Cet enfant s'est bouché les oreilles avec ses petites mains, répétant ces mots à voix basse : “Missile. Nous allons mourir. Il y a trop de bruit.”
J'en ai pleuré. Je l'ai pris dans mes bras et lui ai assuré que tout irait bien.
Puis, apeuré, il m'a demandé : “Est-ce qu'on va mourir ?”.
Cette question m'a percuté telle la foudre.
J'ai répondu, avec conviction et espoir : “En tant que Palestiniens, nous ne mourrons pas”.
Et là, j'ai vu la force et la détermination des enfants à affronter l'adversité, même face à de telles épreuves, alors qu'on ne devrait jamais les soumettre à une telle pression.
Les enfants de Gaza ont subi de plein fouet cette dernière attaque, et ceux qui ont survécu devront vivre avec ses retombées.
Les écoles et les terrains de jeux sont des cibles. Les jeunes esprits seront marqués par le traumatisme de la guerre.

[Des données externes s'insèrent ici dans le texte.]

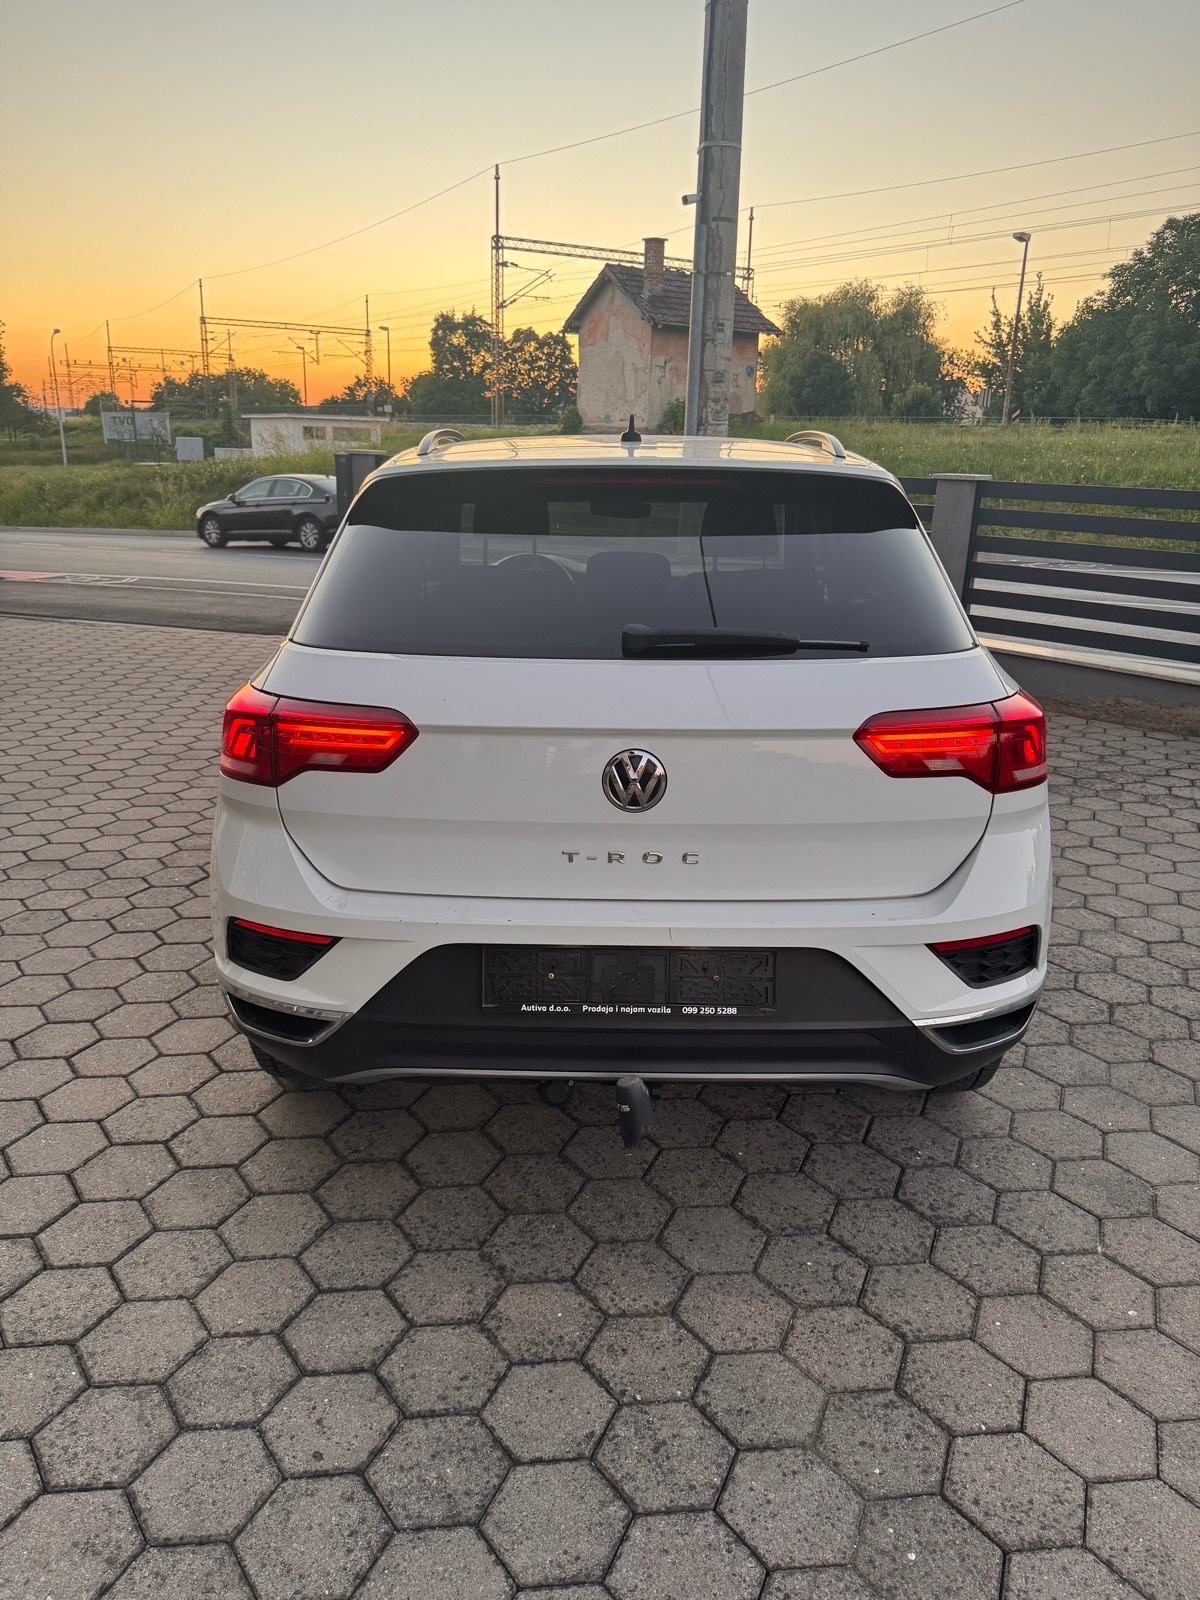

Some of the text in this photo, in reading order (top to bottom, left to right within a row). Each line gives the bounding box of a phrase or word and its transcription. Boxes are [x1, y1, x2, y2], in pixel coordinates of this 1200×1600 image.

[602, 748, 667, 813] VW
[562, 850, 700, 865] T-ROC
[521, 1004, 547, 1012] Autiva
[549, 1004, 571, 1012] d.o.o.
[583, 1004, 613, 1014] Prodaja
[620, 1006, 646, 1014] najam
[647, 1006, 671, 1014] vozila
[682, 1006, 698, 1014] 099
[699, 1006, 715, 1014] 250
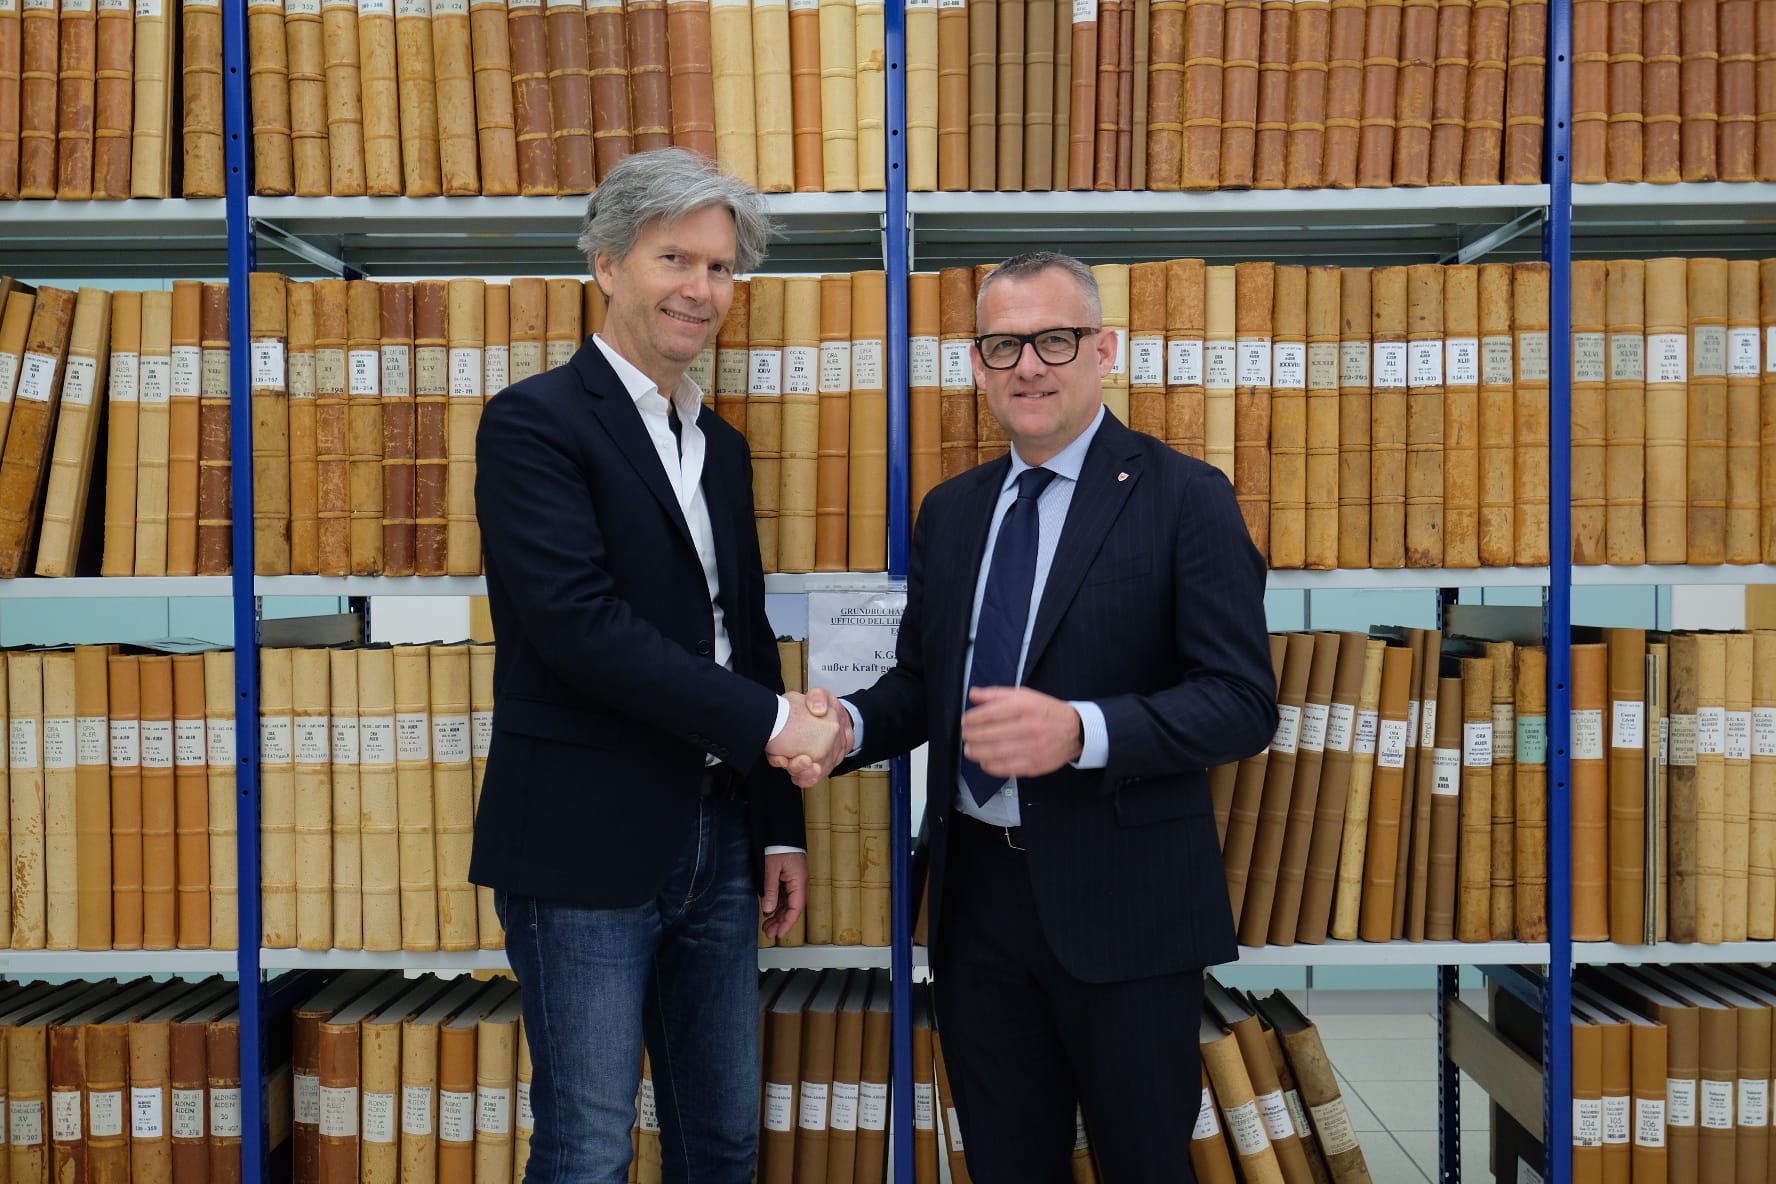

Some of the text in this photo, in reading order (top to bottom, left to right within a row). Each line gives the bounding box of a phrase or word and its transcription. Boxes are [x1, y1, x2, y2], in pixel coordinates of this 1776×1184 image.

[831, 617, 866, 625] UFFICIO
[822, 663, 849, 672] außer
[852, 663, 878, 672] Kraft
[1642, 1120, 1656, 1128] 106

Nous sommes battus année après année, mais on nous dit que c'est de notre faute.
J'ai vu un petit garçon de 5 ans de notre quartier s'effondrer, en pleurant et en criant.

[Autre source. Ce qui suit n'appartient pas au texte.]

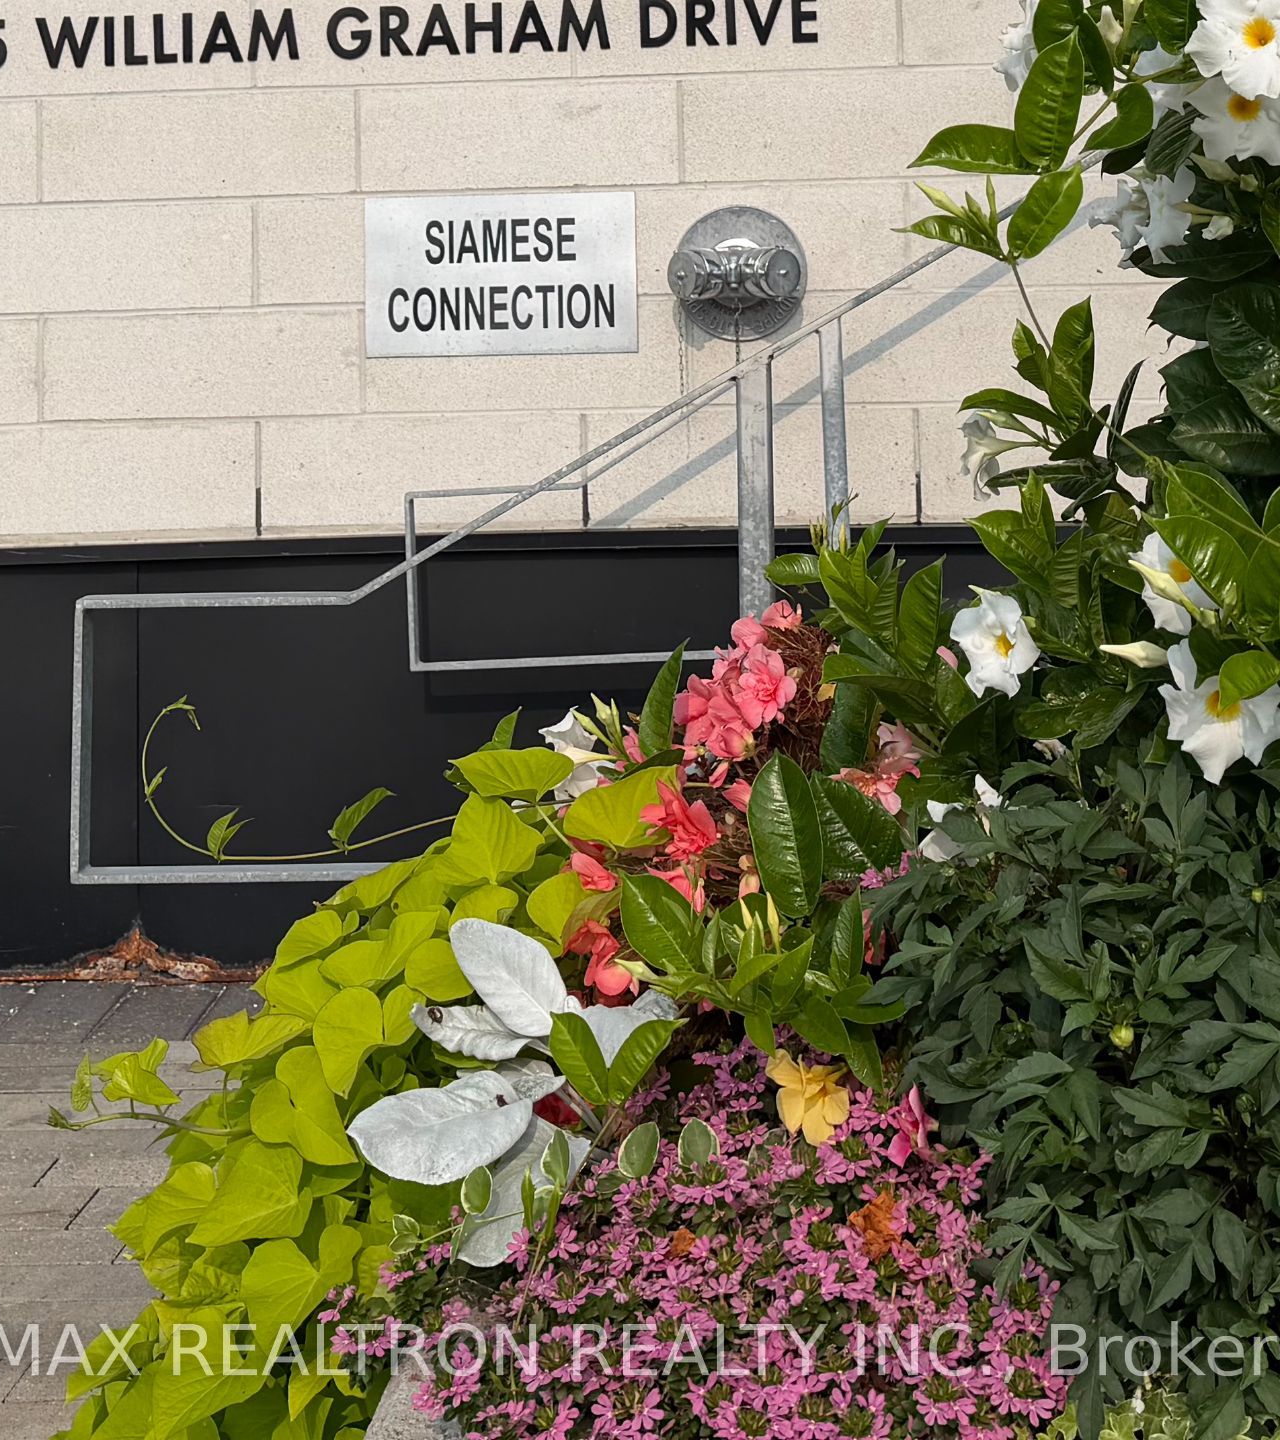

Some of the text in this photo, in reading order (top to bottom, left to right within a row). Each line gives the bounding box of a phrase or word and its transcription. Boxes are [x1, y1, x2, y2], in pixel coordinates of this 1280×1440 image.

[35, 8, 301, 69] WILLIAM
[425, 217, 577, 265] SIAMESE
[388, 283, 616, 333] CONNECTION

J'ai approché le père et il m'a dit que son fils Samir avait vu les roquettes israéliennes tomber à proximité.
Depuis lors, Samir pleurait en répétant : "Je ne veux pas mourir".
Appel à la justice
Voilà ce que l'occupation, le siège et la violence israélienne nous ont infligé, à nous et à nos enfants. Et cela se répète de génération en génération, parce que les États-Unis favorisent l'apartheid israélien et la spoliation des Palestiniens au détriment d'une solution politique juste.
Et l'actuel président des États-Unis a montré sa volonté d'encourager notre aliénation, de soutenir l'agression israélienne et l'idéologie sioniste, intrinsèquement raciste, de l'État d'Israël.

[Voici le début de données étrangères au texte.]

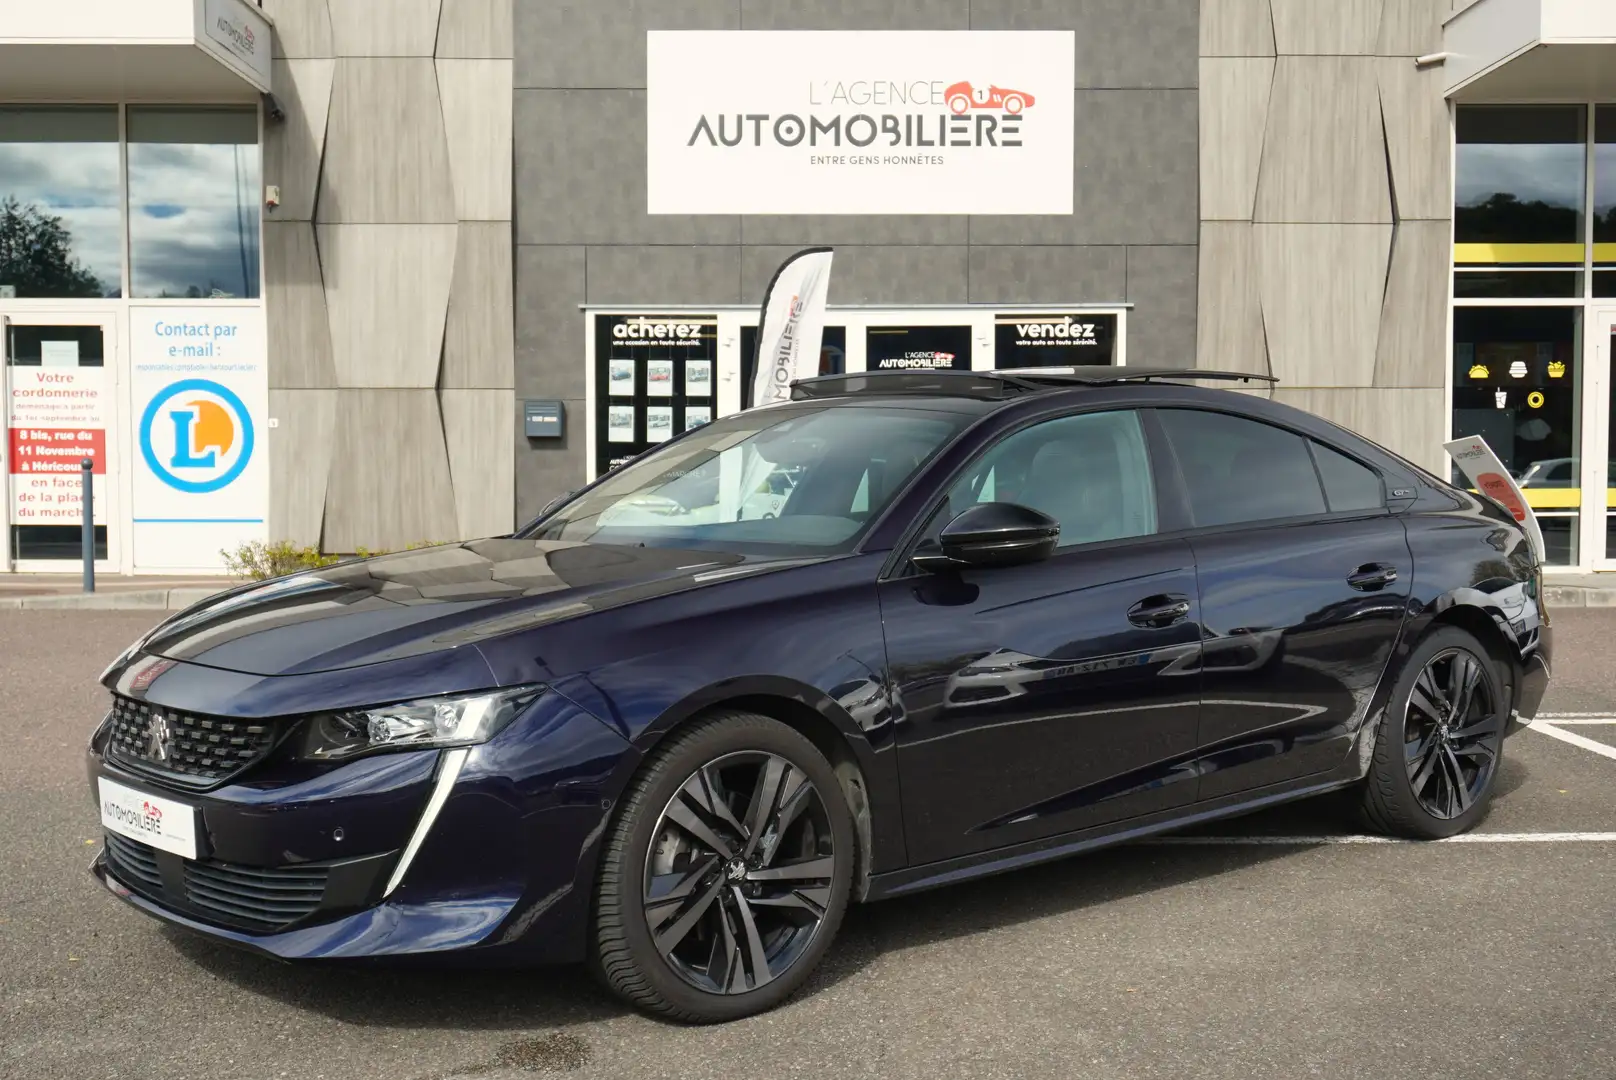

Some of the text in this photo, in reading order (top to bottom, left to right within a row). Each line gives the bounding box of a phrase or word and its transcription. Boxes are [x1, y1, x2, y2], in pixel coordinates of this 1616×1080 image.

En juin 1986, Joe Biden, alors sénateur du Delaware, a déclaré :
“Il est grand temps que nous cessions [...] de nous excuser pour notre soutien à Israël. Il n'y a pas à s'excuser. Pas du tout. Si Israël n'existait pas, les États-Unis d'Amérique devraient inventer un Israël pour protéger leurs intérêts dans la région”.
En outre, en mars 2016, Joe Biden a déclaré : “Si j'étais juif, je serais sioniste.” Il a ensuite précisé, avec un sourire en coin, que son père lui avait dit qu'il n'avait pas besoin d'être juif pour être sioniste.
Pourtant, au cœur de ce conflit, au cœur d'un langage déshumanisant, la population de Gaza s'accroche à sa résilience et à son espoir.
Actuellement, nous souffrons d'une grave pénurie de nourriture et d'eau potable.
Nos réserves alimentaires disponibles, et même nos réserves, sont en train de s'épuiser. Quant à la tentative du gouvernement israélien d'expulser les Palestiniens vers l'Égypte, je pense que le but d'Israël est de faire disparaître la patrie palestinienne.
Notre lutte pour la liberté se poursuit.
* Mohammed Abu Shamala a grandi dans le camp de réfugiés de Khan Younis, à Gaza. Sa famille est originaire de Beit Daras, où les villageois ont été déplacés par les forces sionistes en 1948.